The Rising Threat: Underwater Cable Sabotage in the Baltic Sea

Why has the Baltic Sea become a rapidly escalating hot spot of submarine cable sabotage attempts and incidents? 

This report outlines dual risks: commercial maritime activities and state-sponsored operations. Accidental damage from fishing vessels and merchant ships – often operating with outdated navigation practices – remains a persistent threat. 

In parallel, intelligence suggests an increase in state-backed surveillance and potential sabotage efforts, particularly from Russian-affiliated naval assets. These vessels employ deceptive tactics, including AIS signal spoofing, prolonged loitering near critical infrastructure, and covert mapping of undersea assets.

Keep reading to receive insights on:

• Why the EU is particularly vulnerable 
• A significant increase in high-risk vessel activity over undersea cables in the Baltic Sea, including anchoring and drifting behaviors in sensitive areas.
• A rise in state-sponsored operations targeting critical maritime infrastructure, including subsea communication cables and offshore energy assets.
• The use of deceptive shipping practices (DSPs) by military-affiliated vessels, making early detection and intervention increasingly complex.

The Baltic Sea’s strategic importance, geographical features, and ongoing geopolitical tensions have made it highly susceptible to cable cutting.
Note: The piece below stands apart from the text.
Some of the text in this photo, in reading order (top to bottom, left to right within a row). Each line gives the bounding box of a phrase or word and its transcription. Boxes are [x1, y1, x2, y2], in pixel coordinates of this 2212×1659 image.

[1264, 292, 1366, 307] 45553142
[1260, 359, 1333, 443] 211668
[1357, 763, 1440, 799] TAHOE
Several factors contribute to this vulnerability:

1. Strategic importance of the infrastructure: the Baltic Sea hosts critical undersea infrastructure, including fiber-optic cables, gas pipelines, and power lines that connect NATO countries and Russia. These cables are vital for internet traffic, energy transport, and financial market communications. Disruptions can undermine global political stability and economic operations.
2. Geographical characteristics: the Baltic Sea is both shallow and narrow, making it easier to locate and target cables. It also has chokepoints where cables converge, increasing their susceptibility to damage or sabotage.
3. A collision point: the Baltic Sea is a strategic area where NATO and Russia directly confront each other. Tensions have escalated since Russia’s invasion of Ukraine, with NATO increasing its presence in the region to counter Russian aggression and expansionism. This includes protecting critical infrastructure, such as undersea cables and pipelines, which are vital for communication and energy supplies.
   
   The vulnerability of onshore cable landing stations is also a growing concern. These risks are exacerbated by Europe’s heavy reliance on Baltic Sea fiber-optic cables, such as the C-Lion1 (connecting Finland to Germany) and the BCS East-West Interlink (Lithuania to Sweden). These cables handle a significant portion of Europe’s internet traffic, including essential data for financial transactions, communications, and digital services.
4. Increased Russian activity: Russia has been accused of mapping undersea infrastructure in the Baltic Sea and conducting military exercises near critical installations. Alleged Russian involvement in anchor-dragging incidents has heightened fears of deliberate sabotage.
5. Traffic volume and plausible deniability: the Baltic Sea is one of the world’s busiest maritime regions, with numerous commercial, cargo, and military vessels traversing its waters daily. This increases the likelihood of incidents involving undersea cables, whether deliberate or unintentional. Many vessels suspected of causing damage are registered in foreign territories, complicating investigations and providing plausible deniability to state actors such as Russia or China. This makes accountability challenging.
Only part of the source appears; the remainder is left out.